ミニ四駆のフロント改造において、ATバンパーとスライドダンパーを組み合わせた「ATスラダン」は、現代のコース攻略に欠かせないギミックとなっています。コーナーでの安定性を高めつつ、ジャンプ後の壁乗り上げからもスムーズに復帰できるこの改造は、一見複雑そうに見えますが、基本的な工具とパーツがあれば自作可能です。

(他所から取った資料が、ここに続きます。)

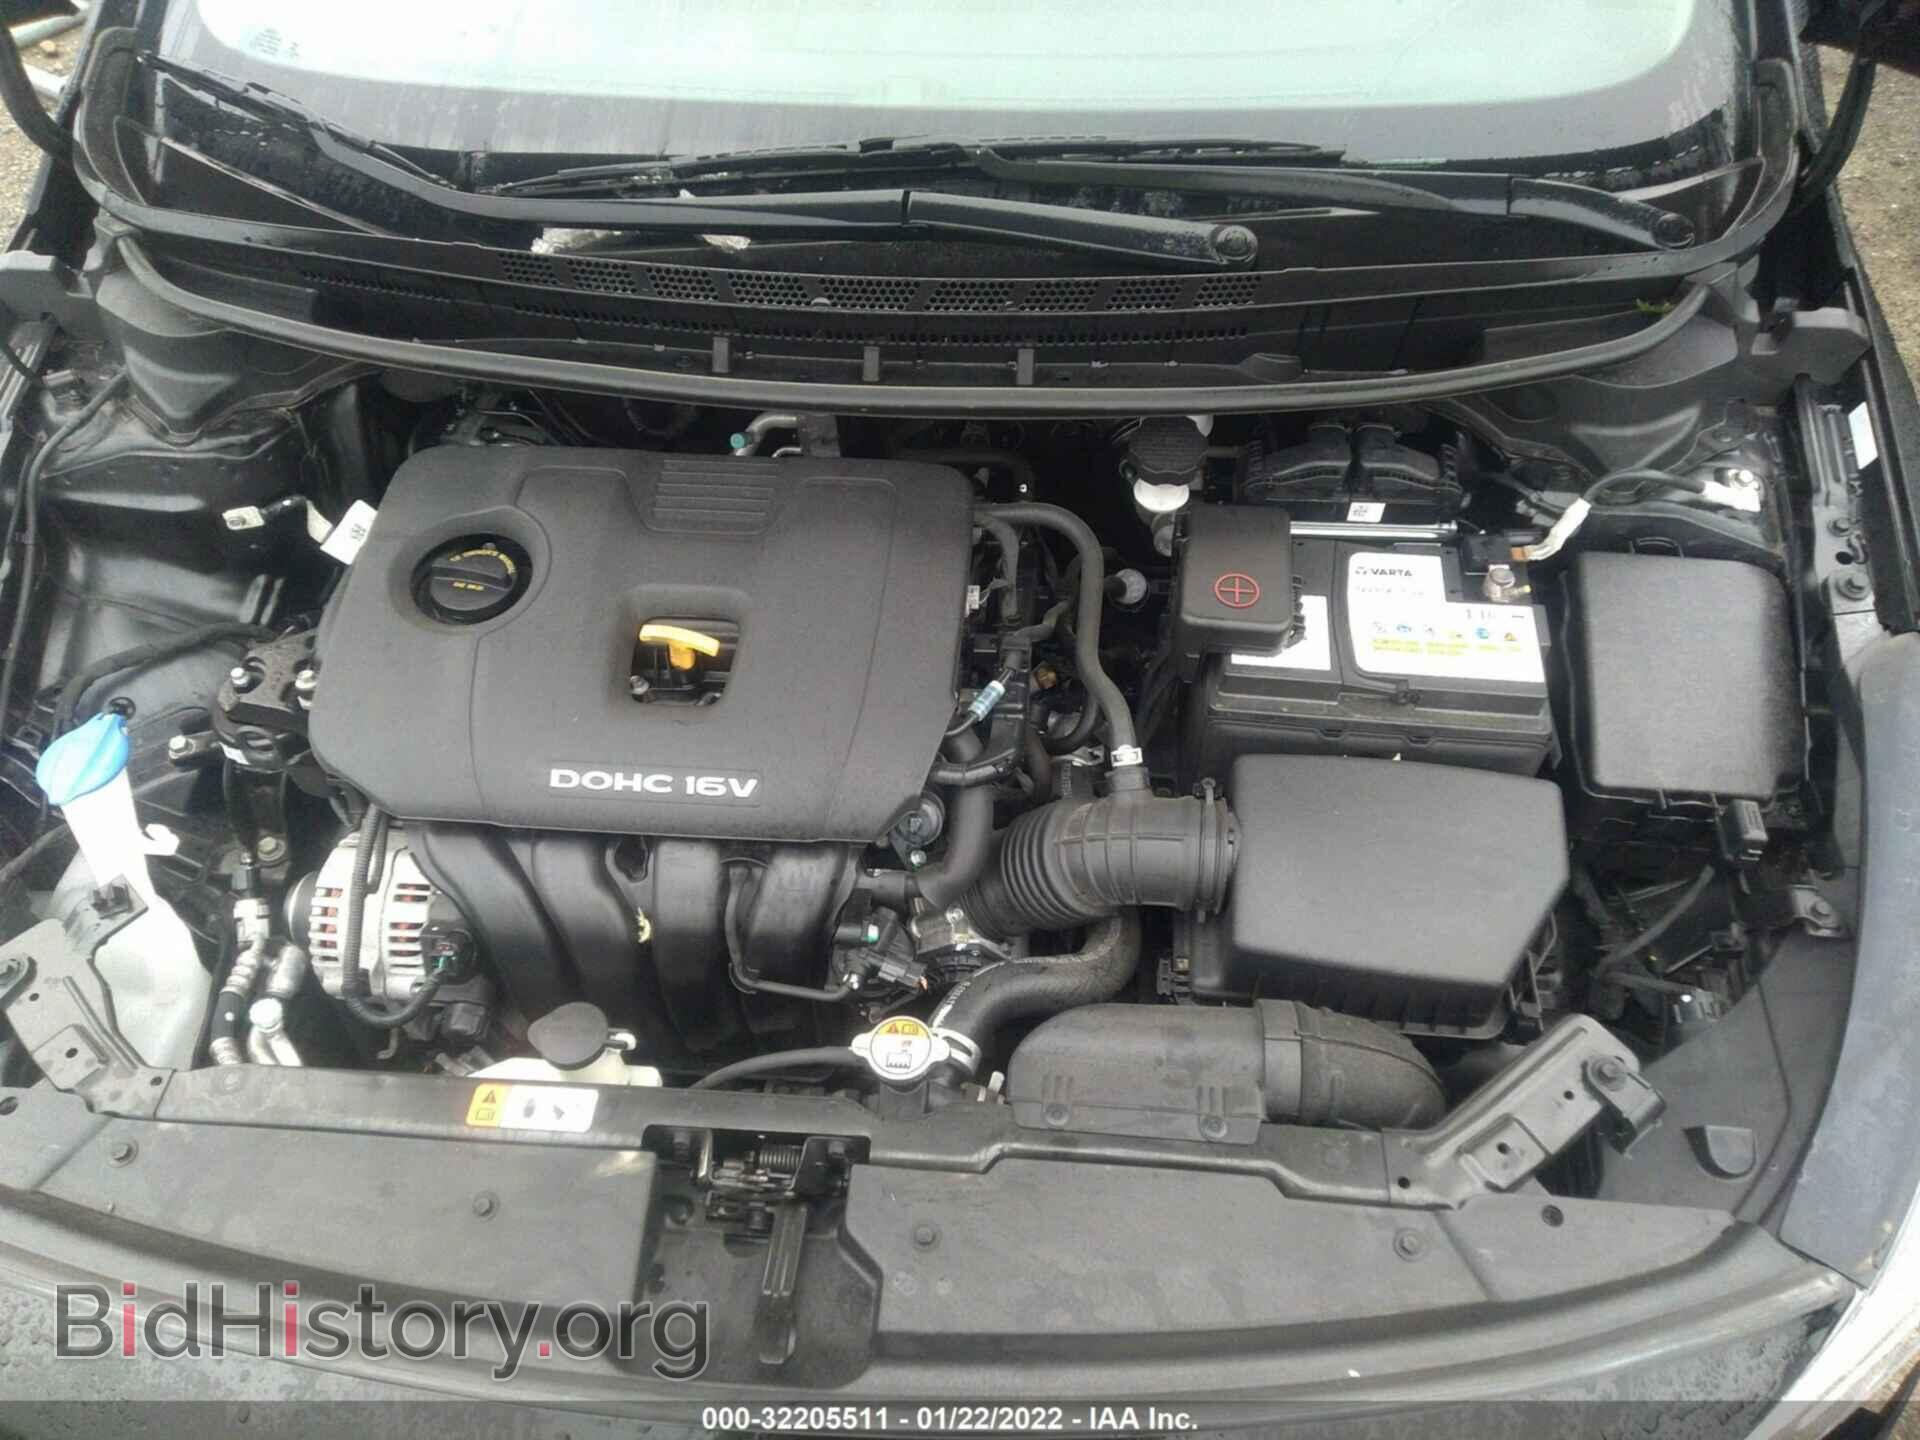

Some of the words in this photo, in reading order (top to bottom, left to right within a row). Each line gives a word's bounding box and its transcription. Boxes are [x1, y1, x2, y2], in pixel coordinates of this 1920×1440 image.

[1370, 568, 1413, 577] VARTA
[549, 768, 674, 793] DOHC
[685, 775, 760, 798] 16V

この記事では、インターネット上に散らばるATスラダンの作成情報を収集・整理し、初心者から中級者まで理解できるように要点をまとめました。必要なパーツの選び方から具体的な加工手順、さらにはスムーズに動作させるための調整方法まで、網羅的に解説していきます。
| この記事のポイント |
|---|
| ✓ フロントATスラダンの基本構造と効果が理解できる |
| ✓ 必要なパーツと工具の選び方がわかる |
| ✓ 具体的な加工手順を段階的に学べる |
| ✓ スムーズな動作を実現する調整テクニックを習得できる |
ミニ四駆のフロントATスラダンの基本と準備
- ATスラダンとは2つの機能を持つハイブリッドバンパー
- 必要なパーツは入手しやすさと強度のバランスで選ぶ
- 基本工具に加えて電動リューターがあると作業効率が格段に上がる
ATスラダンとは2つの機能を持つハイブリッドバンパー
ATスラダンは「AT(オートトラック)バンパー」と「スライドダンパー」の機能を1つに統合したギミックです。
📊 ATスラダンの2大機能
| 機能 | 効果 | メリット |
|---|---|---|
| スライドダンパー | 横からの衝撃を吸収 | コーナーでの走行ラインが安定する |
| ATバンパー | 壁乗り上げ時に復帰しやすくなる | ジャンプ後のコースアウトを防止 |
この2つの機能を併せ持つことで、複雑なセクションが多い現代のミニ四駆コースにおいてマシンの完走率が飛躍的に向上します。一般的には、スライドダンパーは主に5レーン用マシンに使われることが多かったのですが、現在では3レーン用マシンでもATスラダンを搭載するのが主流になっているようです。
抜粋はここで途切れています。